Controllers in the External zone connecting Targets in the Servers zone:
Controller 1 needs also to be able to contact Target 2 in the Server zone. As
Target 2 is managed by a Tivoli Endpoint Gateway, placed in the same zone,
we need to deploy an RC Proxy Standalone solution. This means that RC
Controller Proxy B must be placed in the same zone as Target 2 and RC
Target Proxy B1 in the same zone as Controller 1.
However, in this case, two network zones separate the Controller 1 from the
Target 2. Thus, a TFST Relay must be installed in each zone in between.
They are Relay B1 and Relay B2 and are chained to create a direct link
between the two RC Proxies B. It is not possible to use Relay A2 already
installed for the first channel because the Parent and Child hierarchy is totally
different.
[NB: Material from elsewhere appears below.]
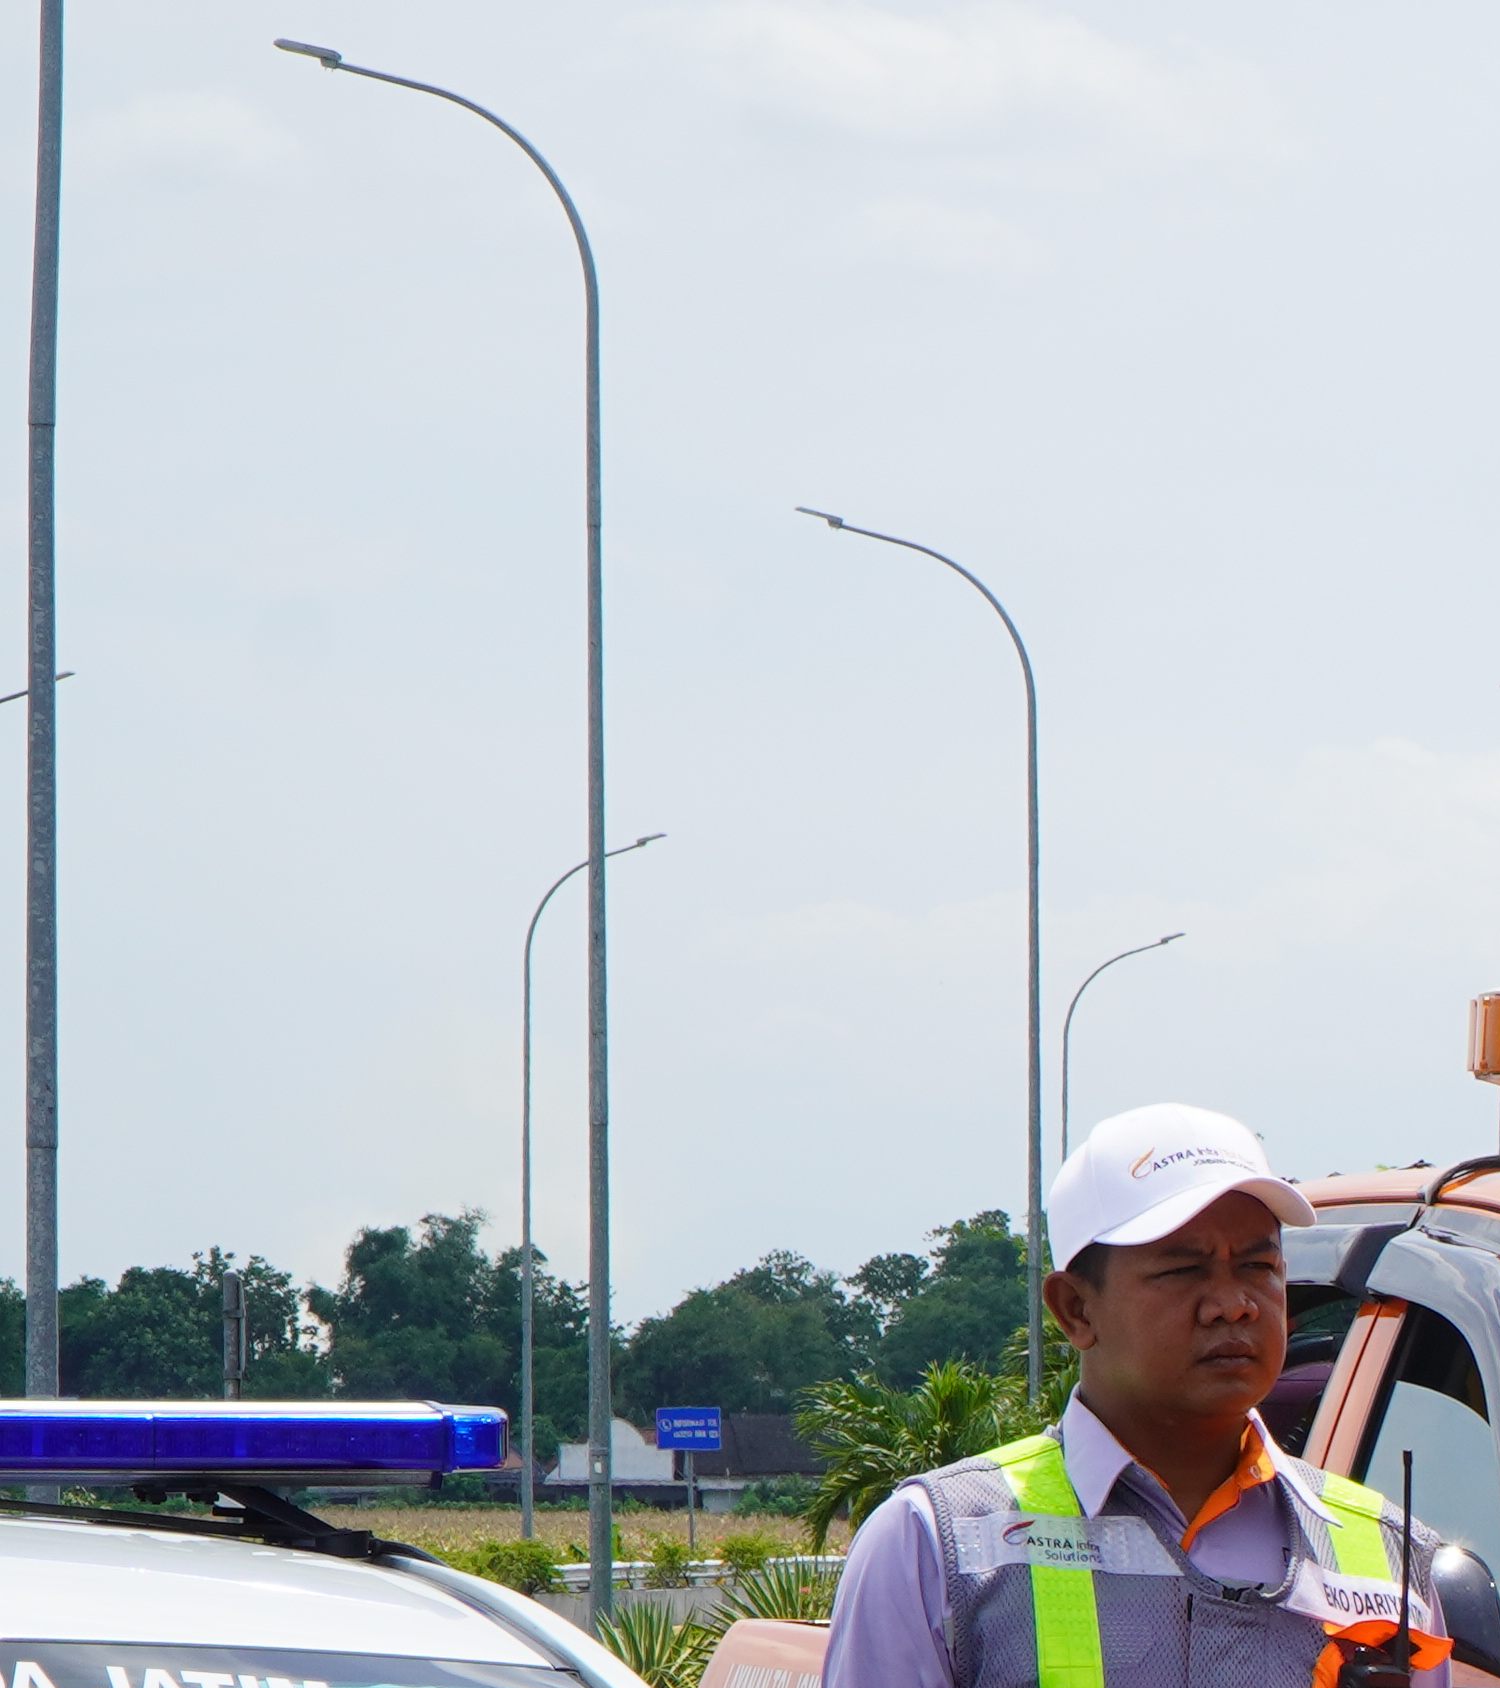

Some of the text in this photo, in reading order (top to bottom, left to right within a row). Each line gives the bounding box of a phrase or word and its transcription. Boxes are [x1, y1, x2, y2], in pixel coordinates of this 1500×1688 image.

[1153, 1149, 1195, 1172] ASTRA
[1026, 1535, 1073, 1549] ASTRA
[1322, 1582, 1351, 1613] EKO
For this second channel, we decided that the RC Controller Proxy B
is a Parent and, consequently, the RC Target Proxy B1 is the Child. This
choice is very important and it will be clear as soon as we explain how
Controller 2 contacts Target 2. The two Relays B in between will assume the
both roles, Parent and Child, at the same time.
Controllers in the Internal zone connecting Targets in the Servers zone:
AS CSI Corporation is keeping the Level 3 support responsibility, CSI
administrators need to have remote control access to Targets in both Internal
and Servers zone as well. As Controller 2 is in the same secure zone as
Target 1, the standard non-secure IBM Tivoli Remote Control process is
used. However, as Controller 2 is not able to contact Target 2 using Relay B2,
an RC Target Proxy needs to be installed in the Internal network zone. Target
Proxy B2 could either be installed on the same machine as the Relay B2 or as
a Standalone machine. Furthermore, there are two possibilities to connect
this RC Target Proxy B2 to the RC Controller Proxy B:
–Open a new connection in the firewall to let RC Target Proxy B2
communicate directly with RC Controller Proxy B.
–Connect RC Target Proxy B2 to the Relay B2 even if they are in the same
network zone.
The main advantage of the second option is that t here is no need to open
additional ports in the firewall as the communication occurs between the
Relay B2 and the RC Controller Proxy B. However, connecting the RC Target
B1 to the Relay B2 might decrease the performance of the session, because
Relay B2 also handles communication originated from Controller 1.